Model Interfaces | Full Configs | Intro Paper | Discord

This GitHub repository presents our research on Super Tiny Language Models (STLMs), aimed at delivering high performance with significantly reduced parameter counts (90-95% smaller) compared to traditional large language models. We explore innovative techniques such as byte-level tokenization with pooling, weight tying, and efficient training strategies. The codebase covers various subproblems, including tokenizer-free models, self-play based training, and alternative training objectives, targeting models with 10M, 50M, and 100M parameters while maintaining competitive performance.

Our mission is to enhance the accessibility and practicality of high-performing language models across a wide range of applications by drastically reducing their computational and energy demands. We believe that our approach has the potential to contribute to more sustainable and inclusive AI development.

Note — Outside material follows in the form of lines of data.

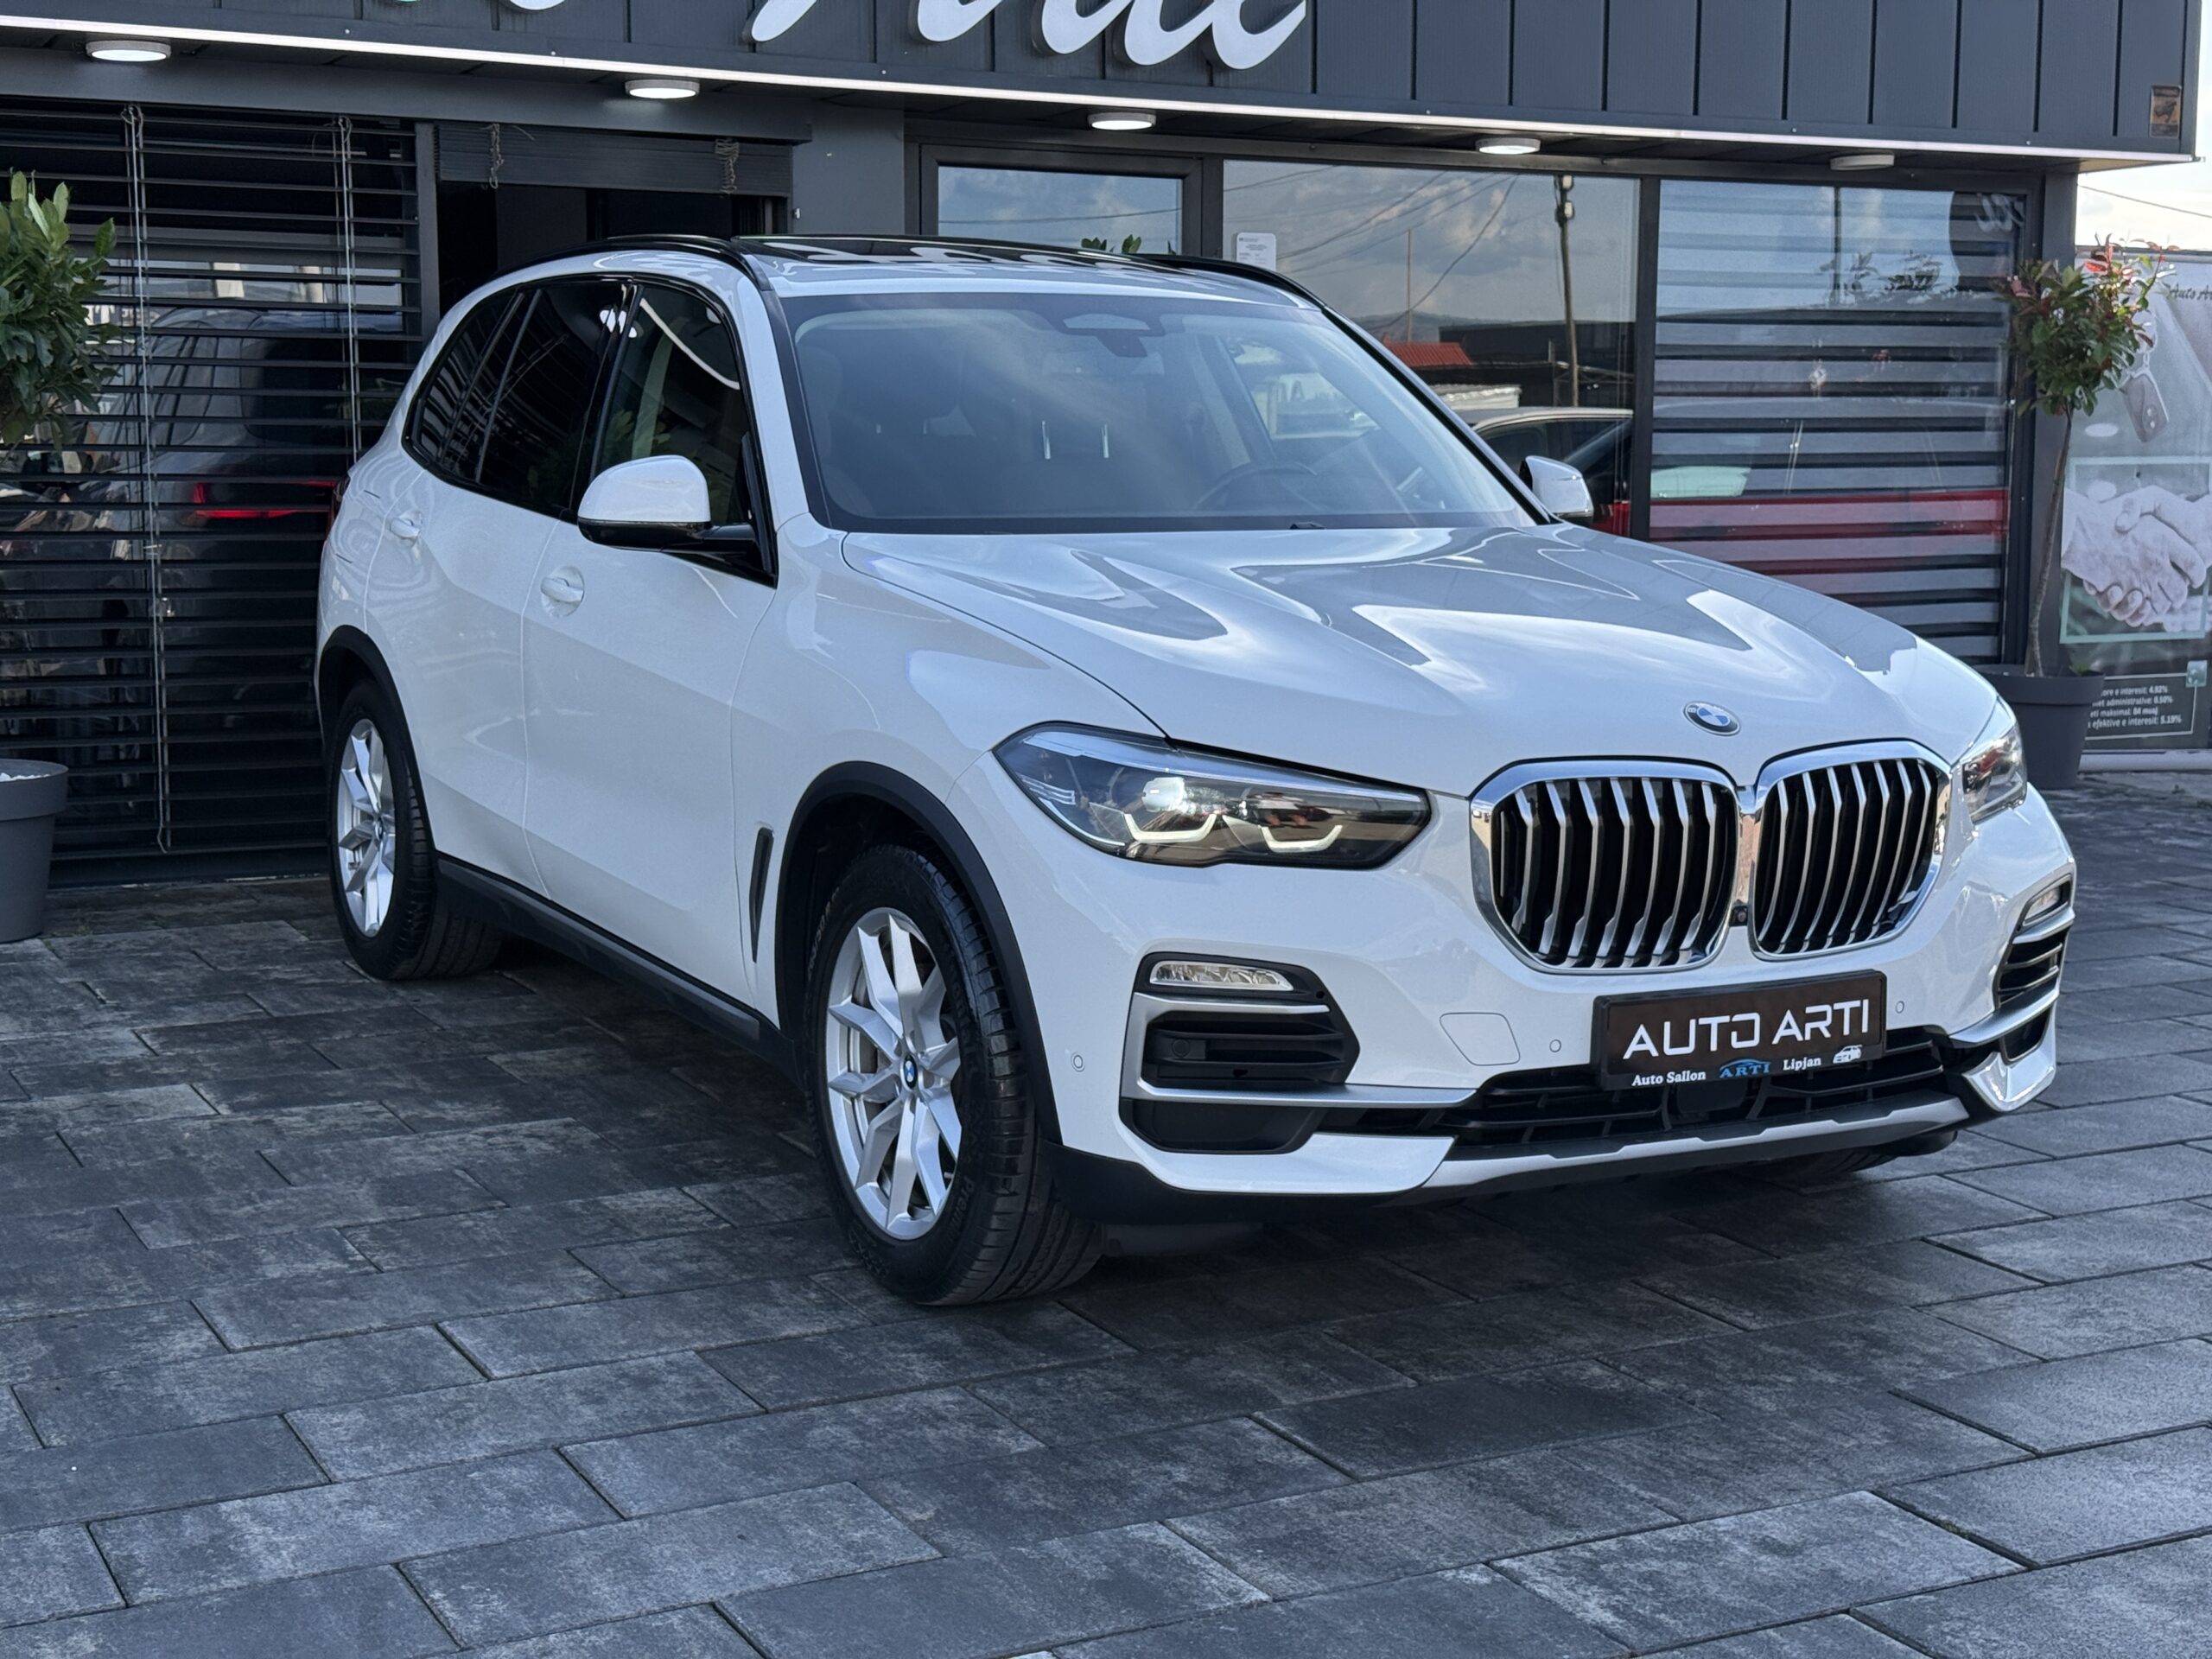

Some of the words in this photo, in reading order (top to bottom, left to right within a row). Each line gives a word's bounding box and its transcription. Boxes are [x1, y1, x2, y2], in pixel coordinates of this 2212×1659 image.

[1623, 1012, 1761, 1059] AUTO
[1771, 999, 1869, 1045] ARTI
[1631, 1073, 1663, 1086] Auto
[1719, 1061, 1771, 1078] ARTI
[1783, 1057, 1821, 1071] Lipjan

For a comprehensive understanding of our research methodology and initial findings, we strongly encourage you to read our paper: Super Tiny Language Models

Please note that this repository is an evolving work in progress, reflecting the ongoing nature of our research. It is subject to frequent updates and improvements as we continue to explore and refine our work on STLMs. We welcome the community's engagement with our work, value your feedback, and appreciate any contributions to this challenging but promising endeavor.

Research Reports

Research Area Branch Name Discord Channel Preregistration Full Report
Dropout dropout-sched-exp View preregistration View paper
Knowledge distillation feature/knowledge-distillation/replace-teacher-tokenizer View preregistration In progress
Byte Level In progress In progress
Self Play Evals Join the room In progress In progress
Optimizers optimizers Join the room In progress In progress
Weight Sharing ffn-sharing View preregistration In progress

Download

Access to Hugging Face

We aim to provide downloads on Hugging Face 🤗 in time shortly!

Quick Start

Experiments are a big part of what we do. However, there's presently no visibility on 1/ what experiments we are actively running, 2/ how have these experiments performed, and 3/ what are the intuitions behind them. We see this as an urgent issue. Hence, we will add a summary view of our experiments as soon as possible. From which, you may better inform yourself before trying them out.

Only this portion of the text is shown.